Plant-based protein is tied to a number of positives for both people and the planet.
As Unilever Food Solutions (UFS) points out, “swapping meat for plants reduces saturated fat, and increases the fiber and vitamin content of dishes. Studies show that this leads to reduced risks for diabetes, cancer, and heart disease.”
The environmental benefits are there as well. Plants require fewer environmental resources like space and water which UFS also shares can offset climate change.
Even further, plant-based meat is a food source that vegetarians and animal lovers can feel good about eating.
And plant-based meats have proven to have even more benefits throughout the span of the pandemic.
When the first few weeks of COVID-19 lockdowns began, popcorn, pretzels, and pastries topped grocery store purchases. As the lockdowns persist and COVID-19 continues, there’s a new leader topping the list- plant-based meat.
Plant-based meat has already been gaining traction in recent years. In fact, according to the Good Food Institute (GFI) and the Plant-Based Foods Association, plant-based food and beverage sales were about $5 billion in 2019.
“Meatless meat” sales were already on an upswing, and it’s apparent that the pandemic has accelerated them. Now, the GFI and the Plant-Based Foods Association expect plant-based food and beverage sales to have double-digit growth through 2020.
The demand for “meatless meat” exploded starting in March, during which sales of fresh meat alternatives surged 206% in the first week of March alone, rising to 279% the week ending on March 14, reports Nielsen. And that was just at the beginning of the pandemic.
In the 13 weeks ending May 30, sales of fresh meat alternatives were officially up 239.8% compared to last year, according to Nielsen statistics.
What’s the cause of this sudden rise in sales? Well, if there’s anything that could quickly shift public opinion, it’s a pandemic. And, a point that both plant-based meat companies and animal rights activists have emphasized, is that coronavirus originated from animals.

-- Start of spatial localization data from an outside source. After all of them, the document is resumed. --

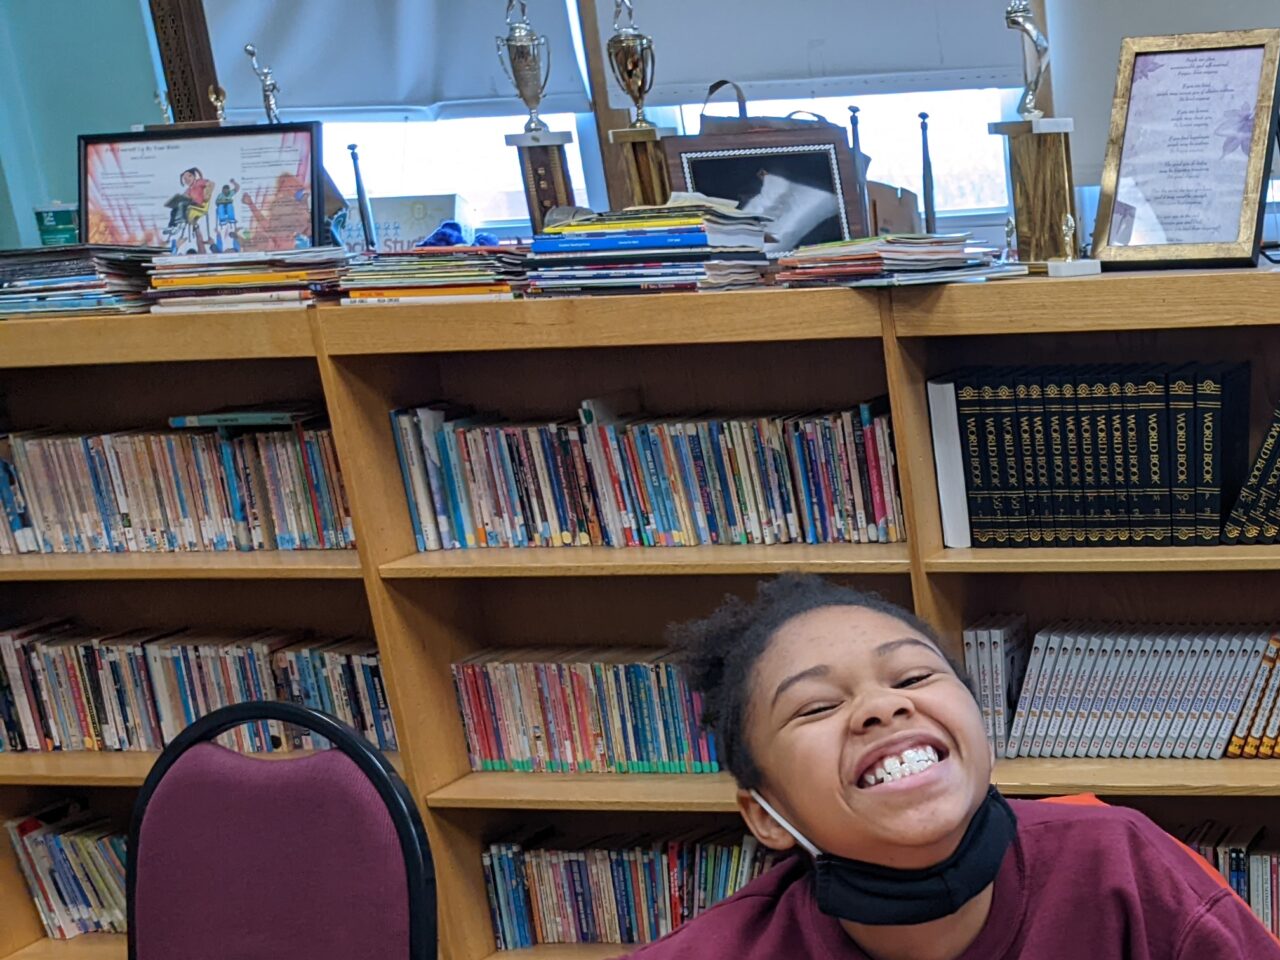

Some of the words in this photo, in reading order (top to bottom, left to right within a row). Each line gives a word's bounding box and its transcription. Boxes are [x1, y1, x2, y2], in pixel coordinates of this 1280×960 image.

[967, 417, 978, 455] WORLD
[985, 417, 997, 456] WORLD
[1003, 416, 1015, 456] WORLD
[1020, 416, 1031, 454] WORLD
[1033, 416, 1044, 454] WORLD
[1051, 416, 1061, 454] WORLD
[1067, 416, 1077, 454] WORLD
[1081, 416, 1092, 454] WORLD
[1097, 415, 1108, 454] WORLD
[1112, 415, 1123, 453] WORLD
[1127, 415, 1137, 453] WORLD
[1148, 413, 1158, 452] WORLD
[1176, 413, 1186, 452] WORLD
[1204, 412, 1213, 451] WORLD
[971, 457, 983, 487] BOOK
[990, 458, 1000, 487] BOOK
[1007, 457, 1017, 487] BOOK
[1024, 457, 1034, 486] BOOK
[1037, 456, 1048, 486] BOOK
[1054, 456, 1064, 485] BOOK
[1070, 456, 1080, 486] BOOK
[1085, 456, 1094, 486] BOOK
[1100, 456, 1109, 485] BOOK
[1115, 455, 1124, 484] BOOK
[1129, 455, 1139, 484] BOOK
[1151, 454, 1160, 484] BOOK
[1178, 454, 1187, 483] BOOK
[1203, 453, 1212, 483] BOOK
[1248, 458, 1264, 485] BOOK
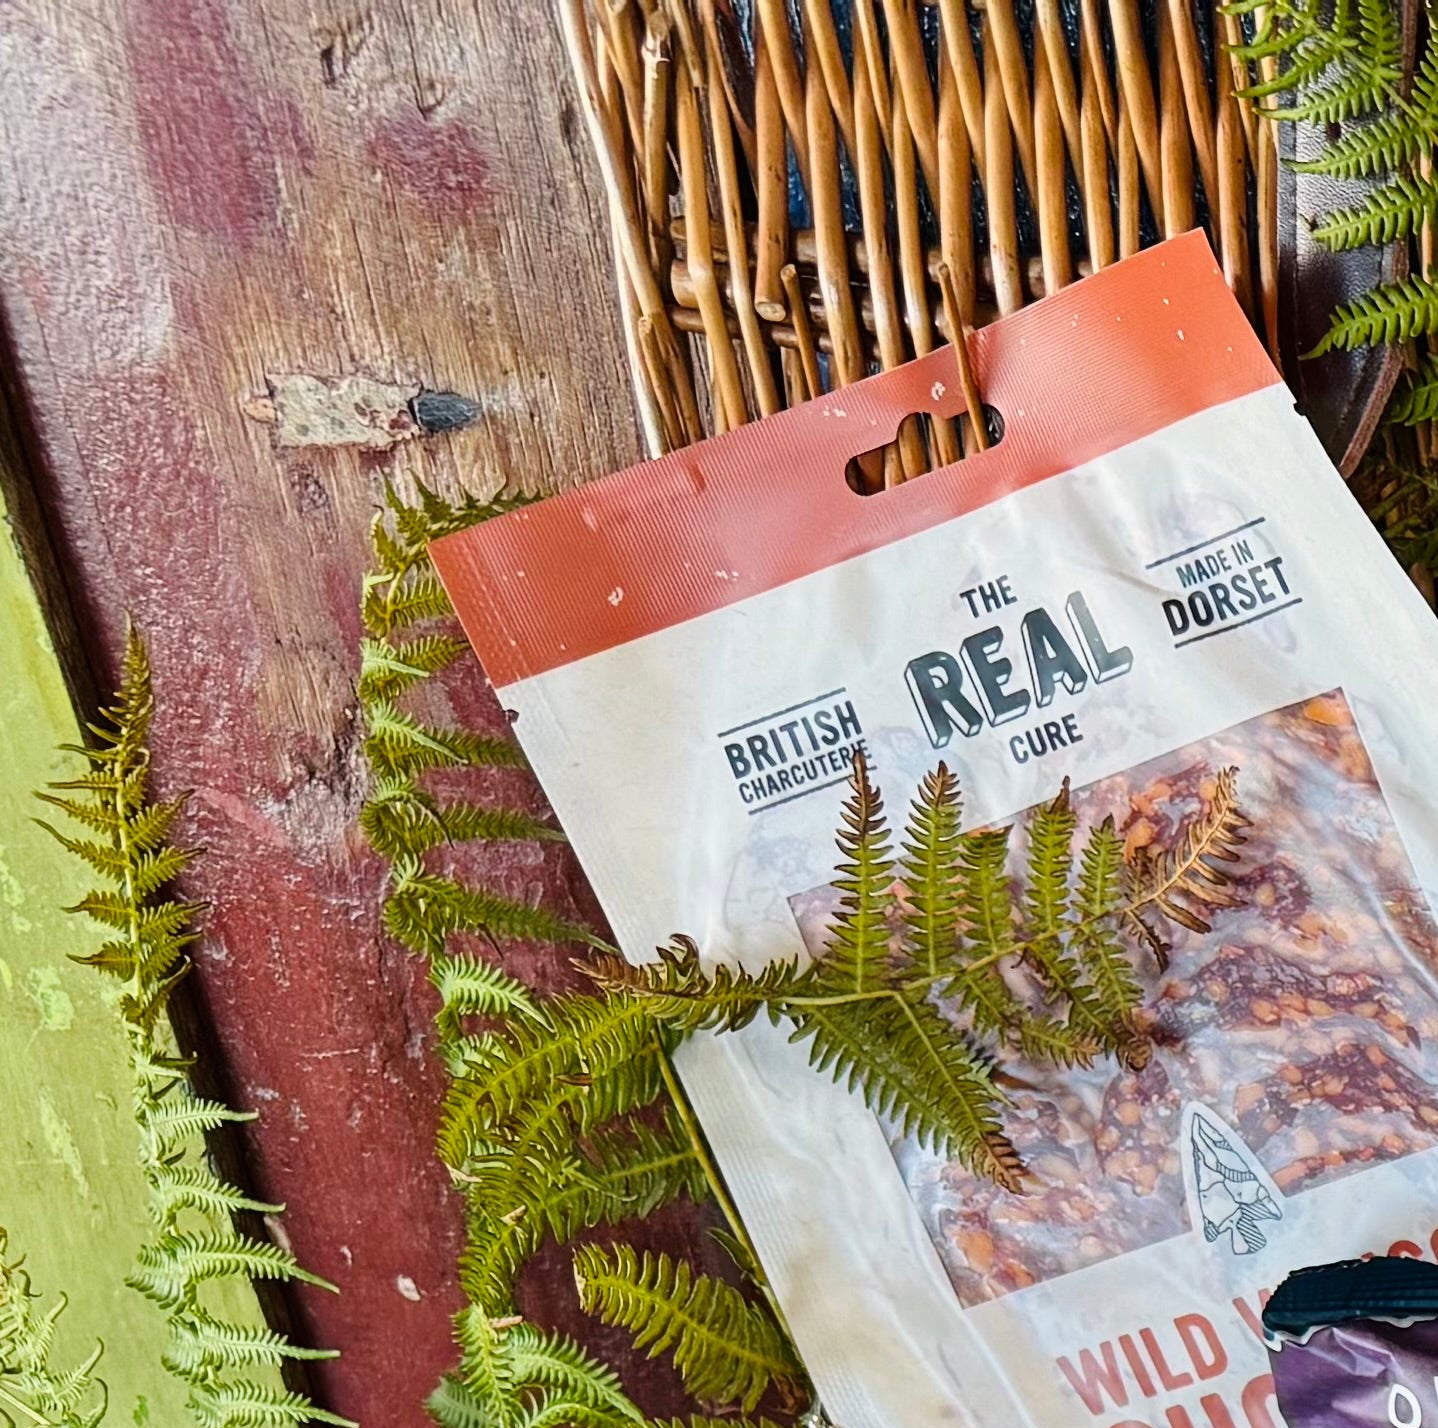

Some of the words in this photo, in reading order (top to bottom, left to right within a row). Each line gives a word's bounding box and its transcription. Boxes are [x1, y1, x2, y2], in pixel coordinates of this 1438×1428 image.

But that isn’t the only aspect that’s driving the sales of plant-based meat. U.S. News reported that “roughly half a million people work in the nation’s meat processing industry, and crowded and unsanitary conditions have prompted concerns about worker safety during the coronavirus pandemic.”
And by April 27th, 4,913 meat and poultry plant workers in 115 plants in 19 states had been diagnosed with COVID-19, the disease caused by the coronavirus, and 20 people had died, according to the report from the Centers for Disease Control and Prevention.
This has resulted in temporarily idling several processing plants. And, as reported in Food Dive, “even though most plants are running at some capacity, producers still need to euthanize animals that would have been slaughtered for food because there is no space for them on farms or in plants running at lower output rates.”
Josh Balk, Vice President of Farm Animal Protection for the Humane Society, told Bloomberg that “Covid is shining a light for consumers to start evaluating their own choices and whether or not they want to continue to buy meat.” And he’s right.
The numbers are already on plant-based meat companies’ side. Kearney’s study showed that 83% of consumers took sustainability into consideration when making purchases in April. And that number is only increasing as the pandemic continues.